Breeding to race has been the standard for Weber and Strawbridge. With few exceptions, they are mostly alone in pursuing that model in 2021, even if homebreds have been on a tremendous kick in American racing this season.
"It's like a lot of things in life today: I think people in racing are chasing lightning in a bottle," Weber said. "I can't really blame them. If you can buy a horse and get to the races quickly and are lucky enough to find some success, it makes a lot of sense. I can tell you that the economics are a whole lot different than when I got started in racing; it's very expensive, and I say that as someone who is fortunate to have a cushion but tries to be sensible.
"For me, a homebred is closer to the heart because I've watched them since they have been born—seen them as they have grown up. I have more of an understanding of the horse than if I were to go buy a yearling or a two-year-old. And with some of these families I've had for so long, that lineage becomes something special. Like Win Approval [the dam of two Breeders' Cup Mile winners, Miesque's Approval and World Approval], she sits in a paddock out by my house, and I get to watch her all the time. That's just special."

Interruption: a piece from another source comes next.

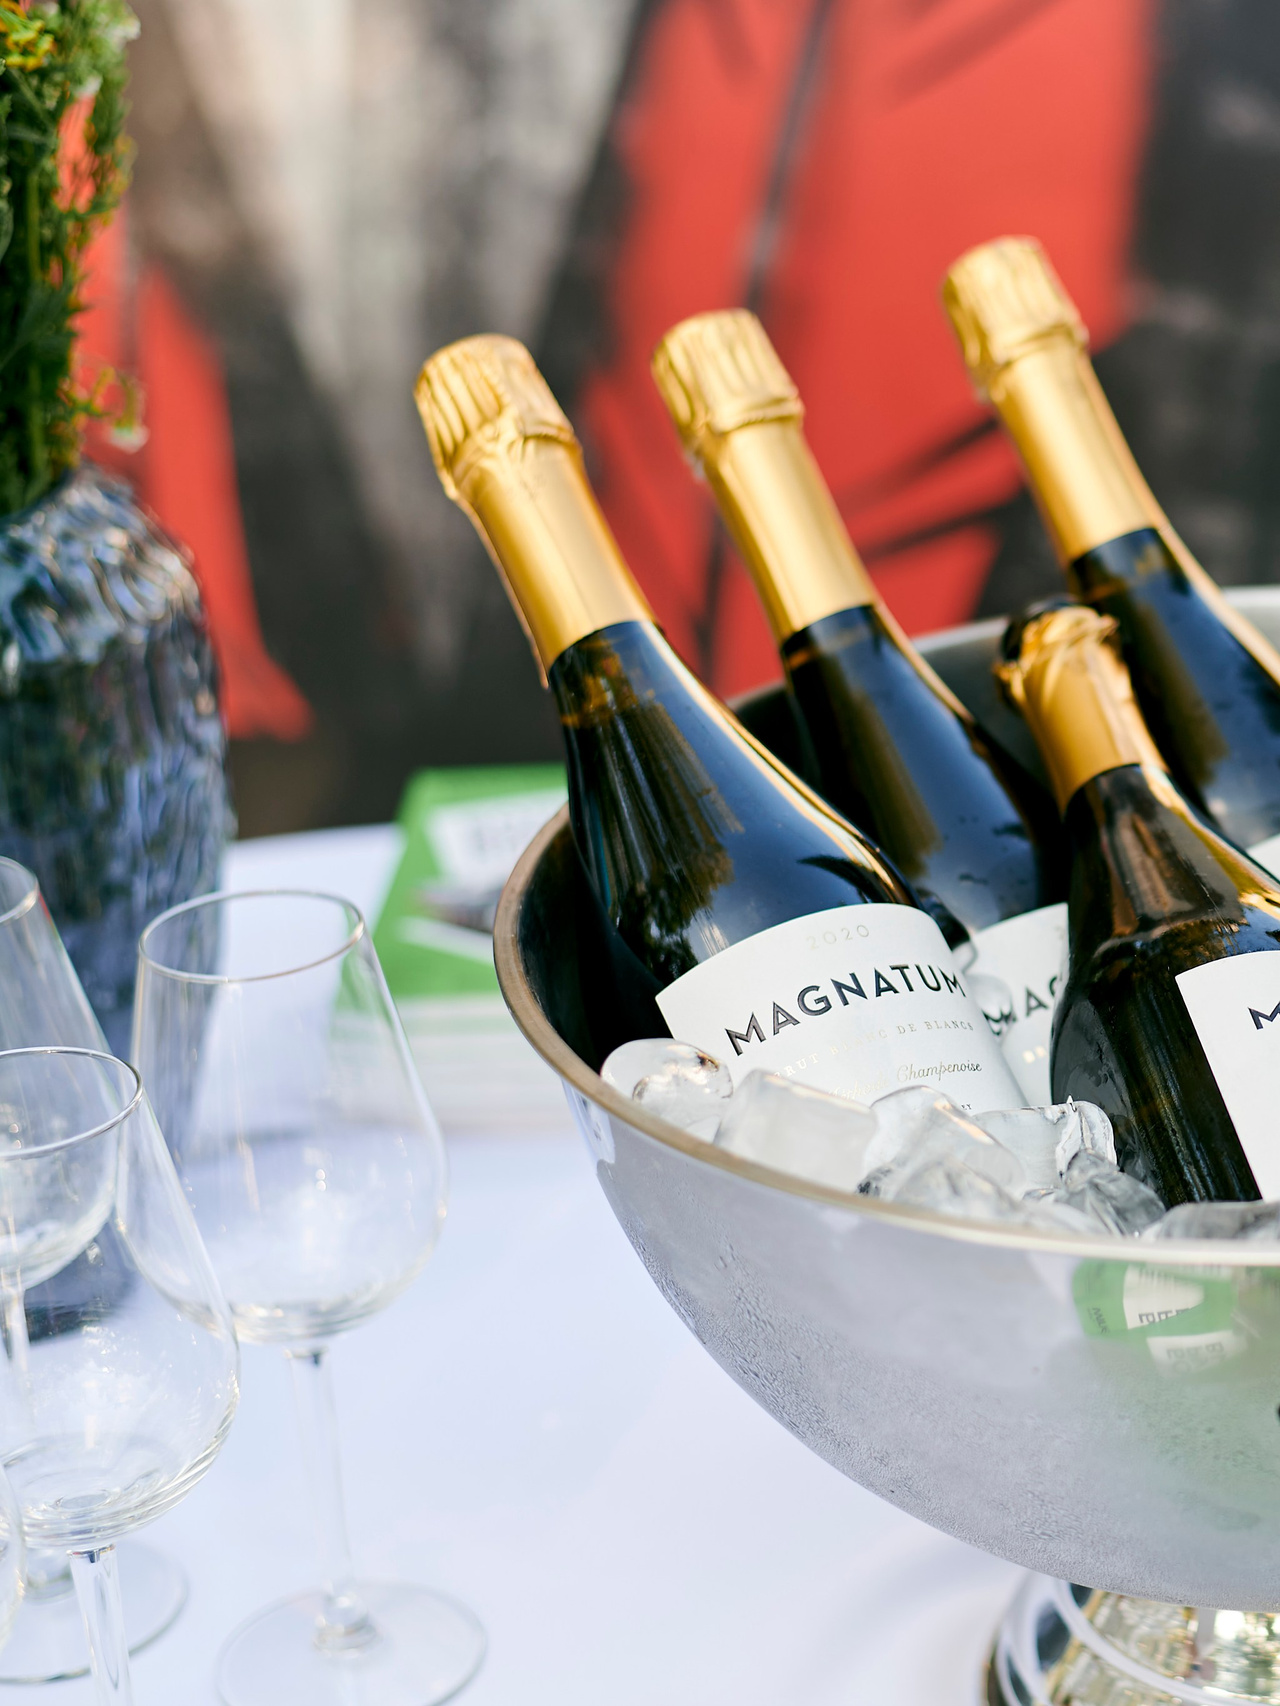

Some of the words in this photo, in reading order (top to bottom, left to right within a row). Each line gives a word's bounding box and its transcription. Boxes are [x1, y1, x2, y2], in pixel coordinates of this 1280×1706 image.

Ironically the biggest breed-to-race operation in America these days is not that long removed from a nearly ubiquitous presence in the commercial market as a leading buyer. Sheikh Mohammed bin Rashid al Maktoum has shifted much more to the breeding game in America over the last 15 years. With the banner of his Godolphin Racing stable flying high at the moment thanks to Essential Quality, the champion two-year-old male of 2020 has kept firing as a three-year-old including a classic victory in the Belmont Stakes, a few hours after the Godolphin homebred Althiqa captured the Gr. 1 Just a Game Stakes on the same card at Belmont.
"That doesn't happen very often; I don't care who you are," said Michael Banahan, the director of farm operations for Godolphin USA. "For us in the states, it had been a long while since we had a classic win—going back to Bernardini in the Preakness [2006]. They don't run many classics, and they sure are hard to win. But it's funny—depending on what happens with the Kentucky Derby with the drug positive—if Mandaloun ends up being the winner, you'll have a sweep for the homebreds with Mandaloun, Rombauer in the Preakness and Essential Quality, not to mention Malathaat winning the Kentucky Oaks. Who knows when the last time that has happened?"
Essential Quality is a legacy horse for the Jonabell Farm wing of Godolphin's breeding footprint in the U.S. Back in 2005, when U.S. Thoroughbred auctions were regularly seeing epic bidding duels between Sheikh Mohammed and the Coolmore associates, Sheikh Mohammed's representative acquired Essential Quality's second dam, Contrive, for $3 million at the Fasig-Tipton November sale.
"It was a bit of a slow burner," said Banahan, who has worked for Sheikh Mohammed's breeding entities in Europe and America for nearly 30 years. "Contrive was a Storm Cat mare—couldn't do much better than that back then—and she was the dam of Folklore, who had just won the Breeders' Cup Juvenile Fillies. It's a family that we've liked and developed over time at Jonabell, but it was several years before we got a proper graded stakes winner out of it with Essential Quality. You have to play the long game with those. A lot of times you don't get instant gratification."